Lebanon and Syria have long been a refuge for political and religious groups. This hospitality has attracted many foreigners and has resulted in the wearing of a wide variety of costumes within this small area. Christians, Moslems and Druzes have kept their own styles of dress while living regionally apart.

The Maronite Christians have lived mainly in North Lebanon from Tripoli to The Cedars, spreading south to Dog River. The Metoualis (the Shiite Moslems) inhabited the east side of the Lebanon mountains. The Druzes held the territory in the center of the country and fanned out over the area bound by Mount Hermon, the B'kaa Valley, Damascus and the Jebel Druze.

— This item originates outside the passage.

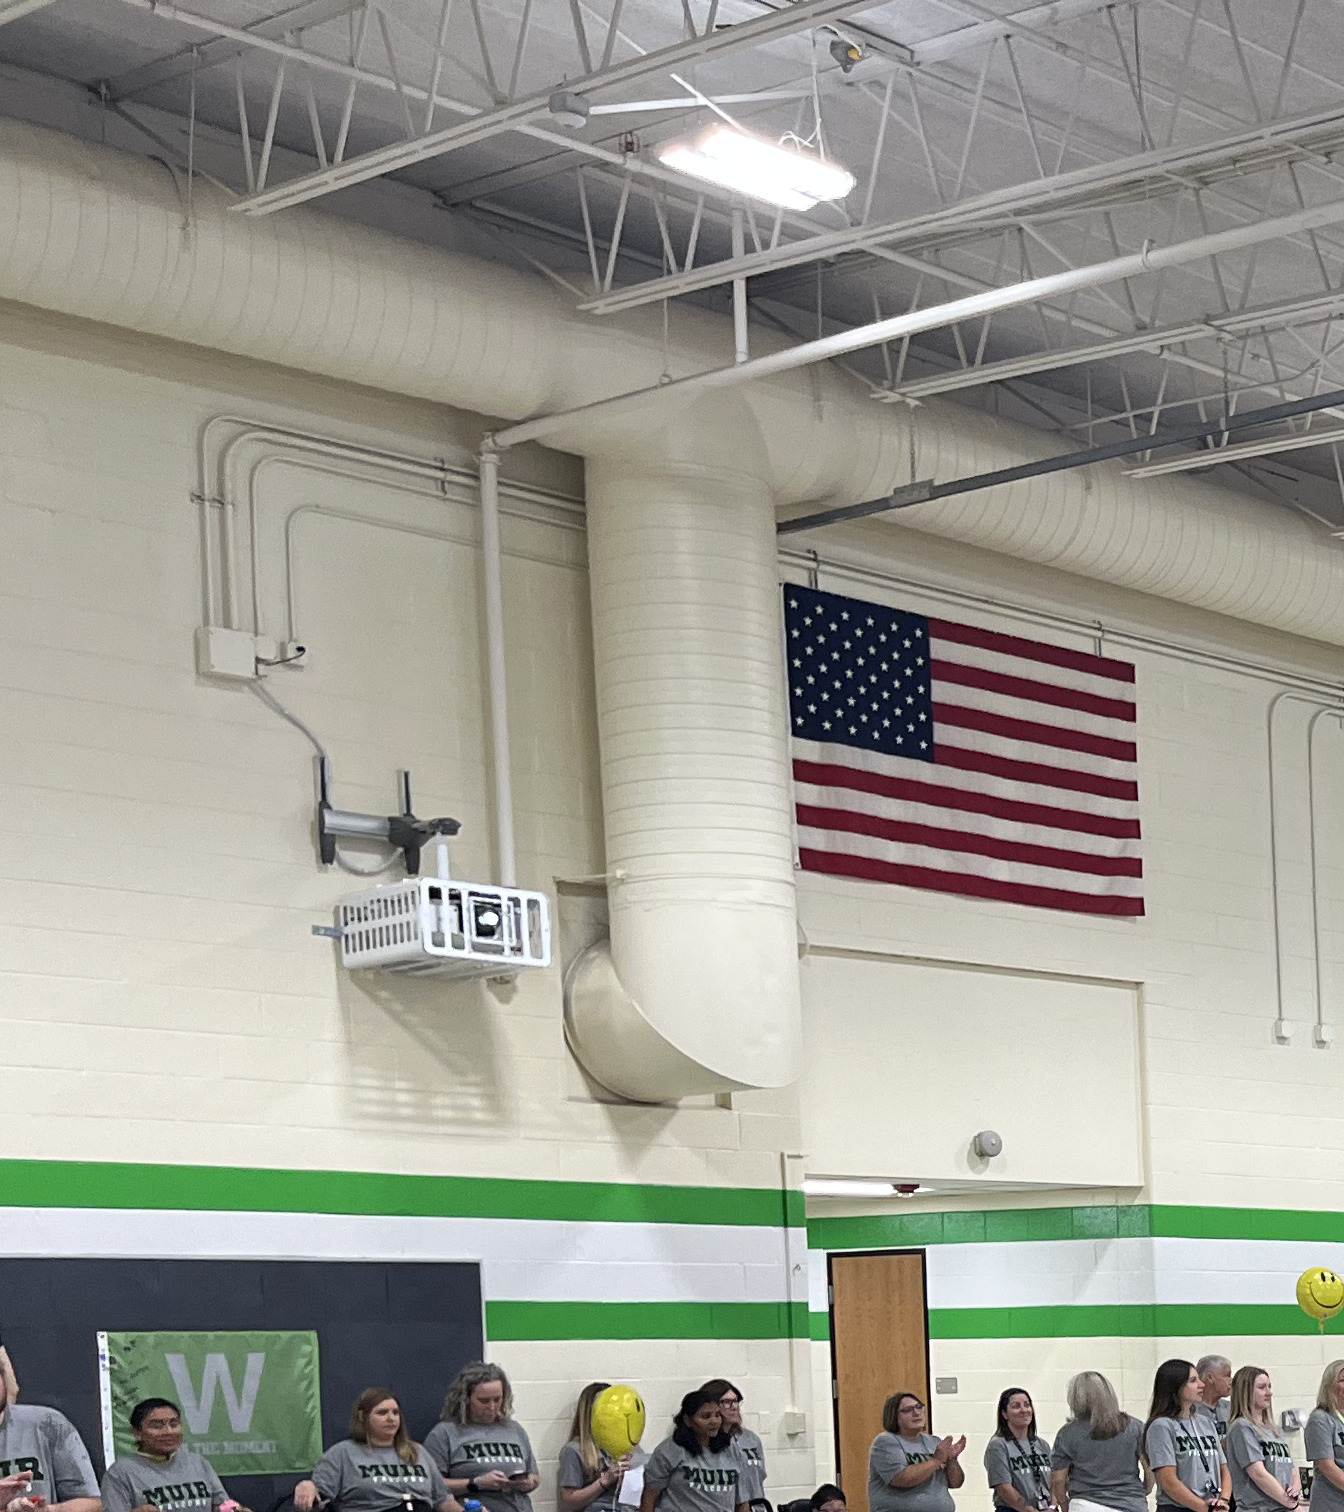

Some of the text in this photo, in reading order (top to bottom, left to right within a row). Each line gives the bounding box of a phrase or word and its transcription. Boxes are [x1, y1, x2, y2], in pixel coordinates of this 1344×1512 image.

Minority groups such as the Armenians and the Kurds came fairly recently into this area. The former wear European dress but the Kurds stand out vividly among the local population in their colorful everyday costumes.

Outside influence has modified Lebanese and Syrian costumes. Strongest single influence was exercised by the Turks who ruled the area for many years. The governing Turkish Pasha, representing the Sultan, effected local dress by his own costume and that of this retinue, and by the rich garments of Turkish design which he bestowed as gifts upon the local emirs. After 1850 when feudalism ended in Leba non and when commerce with Europe took on an increasing importance, Turkish and European styles exerted an even stronger effect on local dress.

Today traditional costumes are mixed with European dress. In some cases western styles have entirely supplanted local dress.

With the one exception of the costume of the Lebanese princess, all of the clothes illustrated in this collection may be seen being worn today.